TASK OBJECTIVE – Below is a listing; copy all of it exactly.

Segment Start: INFORMATION SHOWN

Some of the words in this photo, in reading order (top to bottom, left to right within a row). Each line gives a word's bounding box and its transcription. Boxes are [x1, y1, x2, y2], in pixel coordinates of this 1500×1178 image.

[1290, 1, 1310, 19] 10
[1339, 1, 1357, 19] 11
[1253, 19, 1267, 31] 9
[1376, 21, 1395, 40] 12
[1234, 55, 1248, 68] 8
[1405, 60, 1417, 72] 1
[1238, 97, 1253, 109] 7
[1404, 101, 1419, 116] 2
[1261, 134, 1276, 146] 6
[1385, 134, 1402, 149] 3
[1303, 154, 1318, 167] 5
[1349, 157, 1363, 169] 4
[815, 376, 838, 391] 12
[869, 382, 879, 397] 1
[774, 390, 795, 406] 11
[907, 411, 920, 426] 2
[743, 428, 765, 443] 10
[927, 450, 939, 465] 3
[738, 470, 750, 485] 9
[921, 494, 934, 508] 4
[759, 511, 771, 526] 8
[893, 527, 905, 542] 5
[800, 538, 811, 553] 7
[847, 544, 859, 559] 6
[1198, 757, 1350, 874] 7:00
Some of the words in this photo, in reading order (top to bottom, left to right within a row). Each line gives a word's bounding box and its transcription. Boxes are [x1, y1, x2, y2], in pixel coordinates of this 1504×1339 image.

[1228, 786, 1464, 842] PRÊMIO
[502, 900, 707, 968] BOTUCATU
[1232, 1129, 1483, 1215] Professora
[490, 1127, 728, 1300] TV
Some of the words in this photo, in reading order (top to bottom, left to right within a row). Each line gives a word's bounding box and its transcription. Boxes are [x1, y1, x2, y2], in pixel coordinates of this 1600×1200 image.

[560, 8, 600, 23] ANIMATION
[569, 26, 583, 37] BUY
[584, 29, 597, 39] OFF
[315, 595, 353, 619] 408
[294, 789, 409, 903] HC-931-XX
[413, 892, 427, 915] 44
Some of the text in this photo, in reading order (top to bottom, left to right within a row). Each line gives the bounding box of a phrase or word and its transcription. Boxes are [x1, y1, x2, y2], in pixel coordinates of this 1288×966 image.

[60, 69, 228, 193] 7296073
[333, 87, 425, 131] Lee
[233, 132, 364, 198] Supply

Segment End: INFORMATION SHOWN

ANSWER FOR THE TASK –
Some of the words in this photo, in reading order (top to bottom, left to right within a row). Each line gives a word's bounding box and its transcription. Boxes are [x1, y1, x2, y2], in pixel coordinates of this 1500×1178 image.

[1290, 1, 1310, 19] 10
[1339, 1, 1357, 19] 11
[1253, 19, 1267, 31] 9
[1376, 21, 1395, 40] 12
[1234, 55, 1248, 68] 8
[1405, 60, 1417, 72] 1
[1238, 97, 1253, 109] 7
[1404, 101, 1419, 116] 2
[1261, 134, 1276, 146] 6
[1385, 134, 1402, 149] 3
[1303, 154, 1318, 167] 5
[1349, 157, 1363, 169] 4
[815, 376, 838, 391] 12
[869, 382, 879, 397] 1
[774, 390, 795, 406] 11
[907, 411, 920, 426] 2
[743, 428, 765, 443] 10
[927, 450, 939, 465] 3
[738, 470, 750, 485] 9
[921, 494, 934, 508] 4
[759, 511, 771, 526] 8
[893, 527, 905, 542] 5
[800, 538, 811, 553] 7
[847, 544, 859, 559] 6
[1198, 757, 1350, 874] 7:00
Some of the words in this photo, in reading order (top to bottom, left to right within a row). Each line gives a word's bounding box and its transcription. Boxes are [x1, y1, x2, y2], in pixel coordinates of this 1504×1339 image.

[1228, 786, 1464, 842] PRÊMIO
[502, 900, 707, 968] BOTUCATU
[1232, 1129, 1483, 1215] Professora
[490, 1127, 728, 1300] TV
Some of the words in this photo, in reading order (top to bottom, left to right within a row). Each line gives a word's bounding box and its transcription. Boxes are [x1, y1, x2, y2], in pixel coordinates of this 1600×1200 image.

[560, 8, 600, 23] ANIMATION
[569, 26, 583, 37] BUY
[584, 29, 597, 39] OFF
[315, 595, 353, 619] 408
[294, 789, 409, 903] HC-931-XX
[413, 892, 427, 915] 44
Some of the text in this photo, in reading order (top to bottom, left to right within a row). Each line gives the bounding box of a phrase or word and its transcription. Boxes are [x1, y1, x2, y2], in pixel coordinates of this 1288×966 image.

[60, 69, 228, 193] 7296073
[333, 87, 425, 131] Lee
[233, 132, 364, 198] Supply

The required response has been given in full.